Golden apple (Spondius cytherea)

Sunday, December 7, 2014

By Richard J. Campbell

As Published at the Miami Herald


We all are in search for plants that enrich our lives, but require a minimum of time investment on our part. The mombins, as a group fit perfectly into this mold, providing aesthetics for our home garden, fruit for our enjoyment and more time for our families. They are in the mango family and come from Central America and Southeast Asia to provide us with nearly carefree plants for our home gardens. While there are many to choose from, we will highlight two species perfect for South Florida.


 The purple mombin (Spondias purpurea) is known by many names throughout its native range in Central America, including Mexican plum, jocote, jobo and hog plum. The latter name should not be taken as derogatory; it denotes the extreme usefulness of this fruit, serving not only as food for the people, but also for domestic livestock. Throughout <st1:place w:st="on">Central America the purple mombin is essential for subsistence farmers, providing a food source with little investment of time and money.


The tree remains small in most conditions and is among the easiest of plants to propagate. So easy that it has been used as a living fence in many of the locations where it is found. When the tree loses its leaves in the dry season it can be started simply by planting one of the leafless branches. Few plants offer such ease of propagation.

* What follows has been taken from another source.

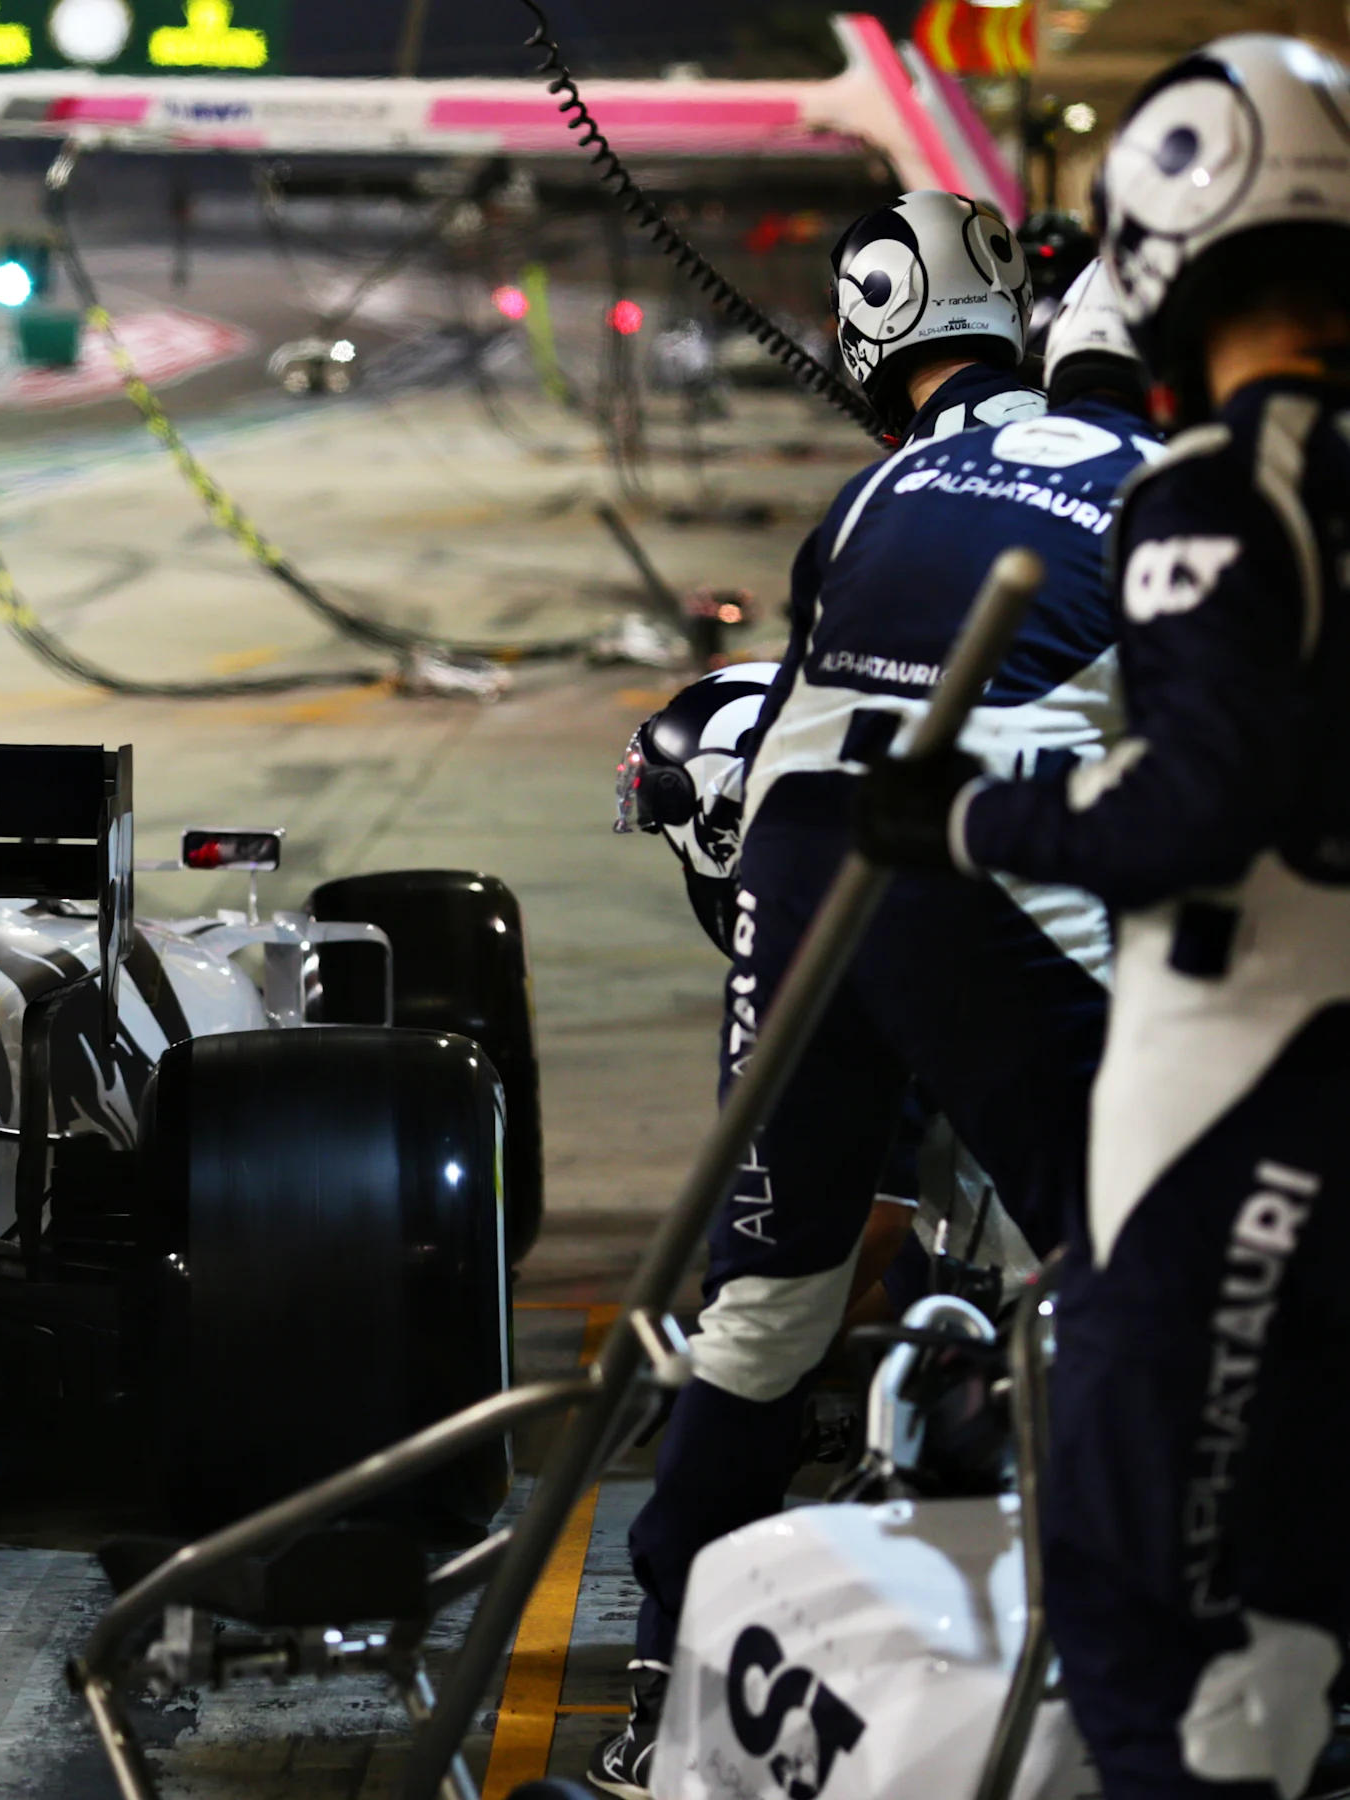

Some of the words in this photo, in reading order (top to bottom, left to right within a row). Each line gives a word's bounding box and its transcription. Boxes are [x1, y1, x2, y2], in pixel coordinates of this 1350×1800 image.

[948, 293, 988, 306] randstad
[918, 321, 990, 338] ALPHATAURI.COM
[928, 471, 1113, 536] ALPHATAURI

The purple mombin is a monsoon and drought adapted tree. During the rainy season it will have a lush, green canopy and will grow at an impressive rate, and during the dry season it will lose its leaves completely. In areas with severe, long dry seasons the purple mombin will remain leafless for several months. The tree will produce a multitude of small red flowers along the length of the bare branches that will set fruit with no worries of pollination. There are red-, yellow- and green-skinned selections that ripen at the end of the dry season, arriving to the size of a ping pong ball or even bigger in some selections. Unfortunately their stone is also large.


The flesh is eaten skin and all and the flavor is sweet and tart, with a slight hint of mango. The fruit are almost always eaten fresh, but can be made into preserves or even used as dried fruit. A good selection will be extremely productive if the tree is allowed to dry out properly during the dry season and given an ample dose of sunshine. The form of the tree, low and spreading when grown in the open, is pleasing to the eye and a joy for children to frolic among its branches. Fertilization, pest and disease control will not be necessary and irrigation is highly discouraged within the South Florida landscape.


The second mombin, which comes from Southeast Asia, is called the golden apple and warrants inclusion in the home garden for many of the same reasons. There are several types, but the most useful may be the dwarf golden apple, which appeared in the Americas in the last 20 years. The dwarf golden apple can be kept no taller than 8 ft in the home landscape. One will rarely find a tree that is easier to care for, and the tree will flower and fruit within the first year of planting – guaranteed. In the landscape it is a handsome small tree that will not overwhelm the home gardener.


The dwarf golden apple has one distinct drawback. It is so productive that it should have its fruit thinned in order to achieve a larger fruit size. The blooms occur at the ends of the short branches and will set as many as 20 to 30 fruit on each cluster. However, with your fingers or hand shears all of the fruit except 1 or 2 should be removed. Fret not, for the dwarf golden apple will keep producing blooms from its many branches. The challenge will be to keep up with the fruit thinning, but it will be worth it.  


When thinned the fruit will be the size and shape of a jumbo egg. The fruit will be yellow in color and will have a sweet and tart flavor with even more of a mango flavor. The fruit are usually eaten out of hand, but there are many ways of preserving the fruit into pickles and chutneys. Just like the purple mombin the dwarf golden apple will lose its leaves during the driest of seasons, although it will not stay bare for nearly as long. The tree is almost ever-bearing, so when it does lose its leaves it will often still have fruit at the ends of its branches. It is best to harvest these fruit and do a little clean-up pruning on your golden apple at this time.


The golden apple, unlike the purple mombin, is best grown from seed. It will produce an identical plant to the mother tree. The new plant will begin to flower and fruit within one year of planting and thinning of the fruit on a young tree is important for proper fruit size and overall tree health. The dwarf golden apple will benefit more from light fertilization with a fruit tree fertilizer and will require no irrigation or pest control sprays.


The mombins are not common in the landscapes of South Florida, but when you encounter a community with many residents of Central American heritage, the mombins will definitely show themselves. Plants can be purchased from specialty fruit tree nurseries, but remember that if you wait until the dry season and ask for a branch of a good selection from a neighbor or friend, you too can be in production within a year or two. For the dwarf golden apple a seed will do quite nicely.


The mombins are the model of efficiency for the modern homeowner. There will be a maximum amount of time to enjoy the fruit of one’s labors and a minimum of work in managing the tree. It may take a little more time to find a good selection, but the reward is indeed substantial. Find one, plant it and enjoy!